There will be as many residuals as there were observations.

But why THIS particular line? We could draw lines anywhere through the points. Well, this line is termed the best fit because it is the only line that minimizes the sum of the squared deviations for all values of Y (the observations) and the predicted \hat{Y}. The best fit line minimizes the sum of the squared residuals.

    \begin{align*} \sum_{i=1}^{n} \left (Y_{i} - \hat{Y}_{i} \right )^2 \end{align*}

Thus, like ANOVA, we can account for the total sums of squares (SSTOT) as equal to the sums of squares (variation), explained by the regression model, SSreg, plus what’s not explained, what’s left over, the residual sums of squares, SSres, aka SSerror.

    \begin{align*} \SS_{Tot} = SS_{reg} + SS+{res} \end{align*}

Models used to predict new values

Once a line has been estimated, one use is to predict new observations not previously measured!

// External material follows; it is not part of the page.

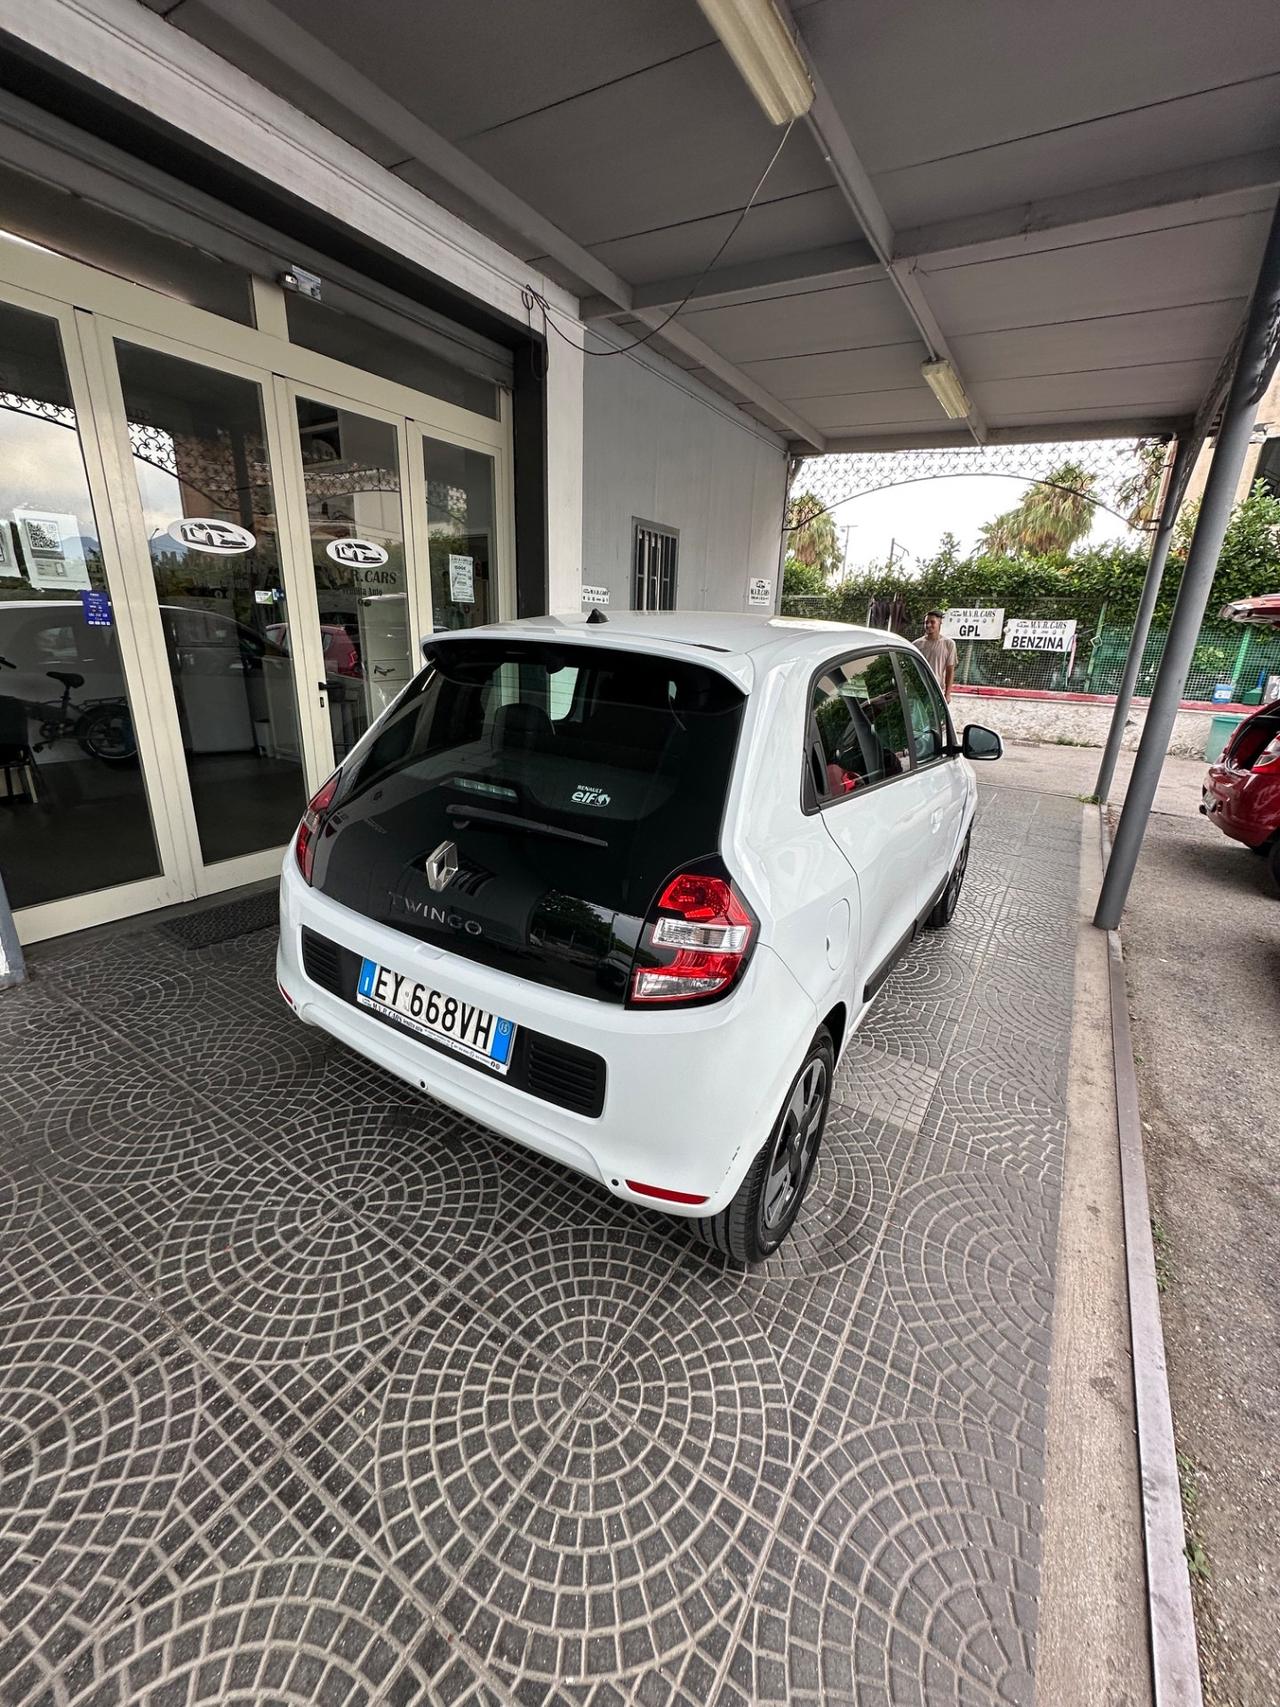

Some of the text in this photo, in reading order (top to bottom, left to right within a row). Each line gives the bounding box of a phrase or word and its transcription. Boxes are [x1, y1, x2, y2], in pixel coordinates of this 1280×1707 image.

Figure 3 redrawn to extend the line to the Y intercept.

Figure 4. Figure 3 redrawn to extend the line to the Y intercept.

This is an important use of models in statistics: use an equation to fit to some data, then predict Y values from new values of X. To use the equation, simply insert new values of X into the equation, because the slope and intercept are already “known.” Then for any Xi we can determine \hat{y} (predicted Y value that is on the best-fit regression line).

This is what people do when they say

“if you are a certain weight (or BMI) you have this increased risk of heart disease”

“if you have this number of black rats in the forest you will have this many nestlings survive to leave the nest”

“if you have this much run-off pollution into the ocean you have this many corals dying”

“if you add this much enzyme to the solution you will have this much resulting product”.

R Code

We can use the drop down menu in Rcmdr to do the bulk of the work, supplemented with a little R code entered and run from the script window. Scrape data from Table 1 and save to R as bird.matings.

LinearModel.3 <- lm(Matings ~ Body.Mass, data=bird.matings)
summary(LinearModel.3)

Output from R

Call:
lm(formula = Matings ~ Body.Mass, data = bird.matings)

Residuals:
     Min       1Q   Median      3Q     Max 
-2.29237 -1.34322 -0.03178 1.33792 2.70763

Coefficients:
            Estimate Std. Error  t value  Pr(>|t|) 
(Intercept)  -8.4746     4.6641   -1.817    0.1026 
Body.Mass     0.3623     0.1355    2.673    0.0255 *
---
Signif. codes: 0 '***' 0.001 '**' 0.01 '*' 0.05 '.' 0.1 ' ' 1

Residual standard error: 1.776 on 9 degrees of freedom
Multiple R-squared: 0.4425, Adjusted R-squared: 0.3806 
F-statistic: 7.144 on 1 and 9 DF, p-value: 0.02551

Get the sum of squares from the ANOVA table

myAOV.full <- anova(LinearModel.3); myAOV.full

Output from R, the ANOVA table

Analysis of Variance Table

Response: Matings
           Df  Sum Sq  Mean Sq  F value     Pr(>F)
Body.Mass   1  22.528  22.5277   7.1438   0.02551 *
Residuals   9  28.381   3.1535
---
Signif. codes: 0 '***' 0.001 '**' 0.01 '*' 0.05 '.' 0.1 ' ' 1

We can do more,

str(myAOV.full)

Note: str() command lets us look at an object created in R. Type ?str or help(str) to bring up the R documentation. Here, we use str() to look at the structure of the object we created, myAOV.full.  “Classes” refers to the R programming class attribute inherited by the object.

Output from R

Classes 'anova' and 'data.frame': 2 obs. of 5 variables:
$ Df : int 1 9
$ Sum Sq : num 22.5 28.4
$ Mean Sq: num 22.53 3.15
$ F value: num 7.14 NA
$ Pr(>F) : num 0.0255 NA
- attr(*, "heading")= chr [1:2] "Analysis of Variance Table\n" "Response: Matings"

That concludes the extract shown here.